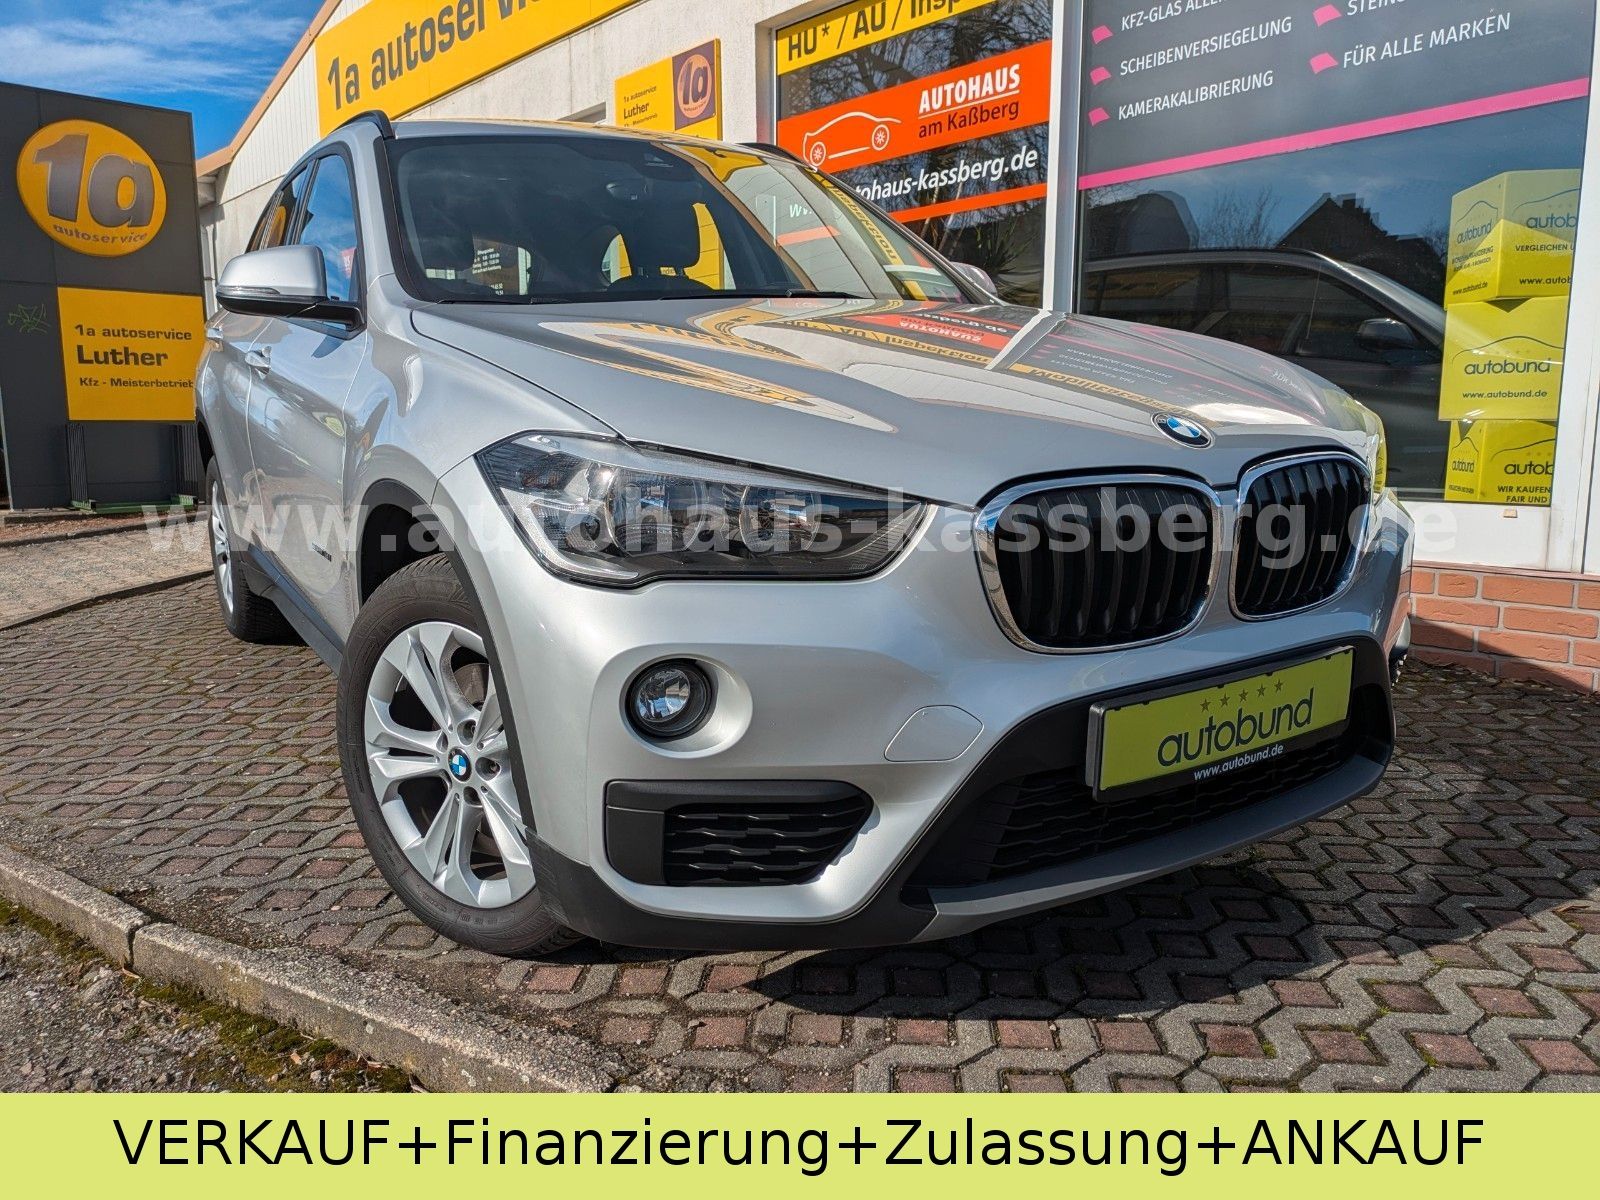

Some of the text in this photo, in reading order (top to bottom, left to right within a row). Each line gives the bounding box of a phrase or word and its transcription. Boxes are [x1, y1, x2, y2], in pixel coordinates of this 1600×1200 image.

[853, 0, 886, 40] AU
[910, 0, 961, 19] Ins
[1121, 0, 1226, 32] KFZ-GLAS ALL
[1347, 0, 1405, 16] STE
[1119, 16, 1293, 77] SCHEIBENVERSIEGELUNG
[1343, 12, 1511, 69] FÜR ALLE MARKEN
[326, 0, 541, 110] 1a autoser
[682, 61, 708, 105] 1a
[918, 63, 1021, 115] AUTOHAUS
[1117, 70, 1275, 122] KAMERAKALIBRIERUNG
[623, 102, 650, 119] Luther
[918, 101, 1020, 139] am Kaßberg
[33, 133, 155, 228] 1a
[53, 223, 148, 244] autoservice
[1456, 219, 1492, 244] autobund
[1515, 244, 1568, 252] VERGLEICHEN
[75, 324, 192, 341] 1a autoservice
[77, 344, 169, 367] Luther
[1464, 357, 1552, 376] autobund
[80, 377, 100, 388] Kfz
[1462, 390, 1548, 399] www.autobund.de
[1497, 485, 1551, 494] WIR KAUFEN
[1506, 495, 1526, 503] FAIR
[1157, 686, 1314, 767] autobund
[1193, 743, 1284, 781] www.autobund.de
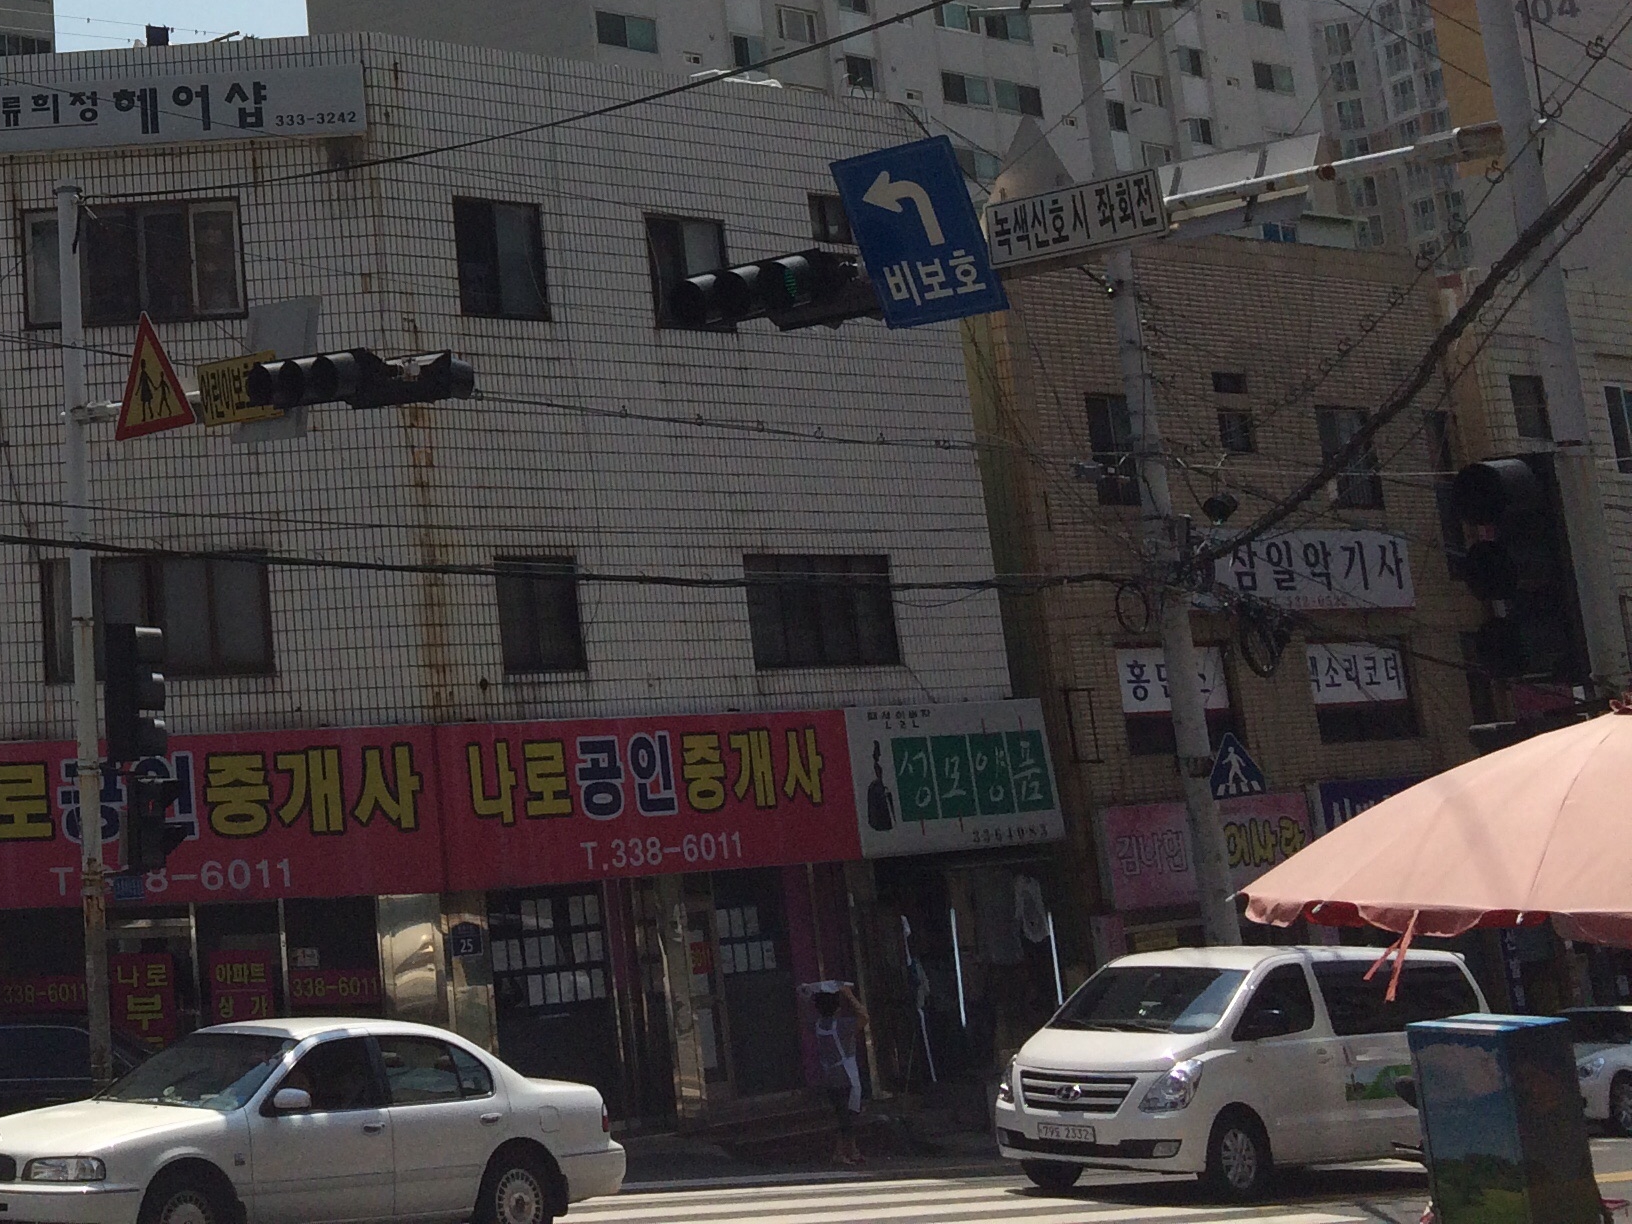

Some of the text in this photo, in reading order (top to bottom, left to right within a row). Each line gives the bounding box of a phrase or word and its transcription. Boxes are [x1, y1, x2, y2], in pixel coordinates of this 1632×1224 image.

**Your goal**
Every line above is to be reproduced verbatim, and the pictures are to be omitted.

**Answer for the task**
Some of the text in this photo, in reading order (top to bottom, left to right within a row). Each line gives the bounding box of a phrase or word and its transcription. Boxes are [x1, y1, x2, y2], in pixel coordinates of this 1600×1200 image.

[853, 0, 886, 40] AU
[910, 0, 961, 19] Ins
[1121, 0, 1226, 32] KFZ-GLAS ALL
[1347, 0, 1405, 16] STE
[1119, 16, 1293, 77] SCHEIBENVERSIEGELUNG
[1343, 12, 1511, 69] FÜR ALLE MARKEN
[326, 0, 541, 110] 1a autoser
[682, 61, 708, 105] 1a
[918, 63, 1021, 115] AUTOHAUS
[1117, 70, 1275, 122] KAMERAKALIBRIERUNG
[623, 102, 650, 119] Luther
[918, 101, 1020, 139] am Kaßberg
[33, 133, 155, 228] 1a
[53, 223, 148, 244] autoservice
[1456, 219, 1492, 244] autobund
[1515, 244, 1568, 252] VERGLEICHEN
[75, 324, 192, 341] 1a autoservice
[77, 344, 169, 367] Luther
[1464, 357, 1552, 376] autobund
[80, 377, 100, 388] Kfz
[1462, 390, 1548, 399] www.autobund.de
[1497, 485, 1551, 494] WIR KAUFEN
[1506, 495, 1526, 503] FAIR
[1157, 686, 1314, 767] autobund
[1193, 743, 1284, 781] www.autobund.de

Some of the text in this photo, in reading order (top to bottom, left to right within a row). Each line gives the bounding box of a phrase or word and its transcription. Boxes are [x1, y1, x2, y2], in pixel coordinates of this 1632×1224 image.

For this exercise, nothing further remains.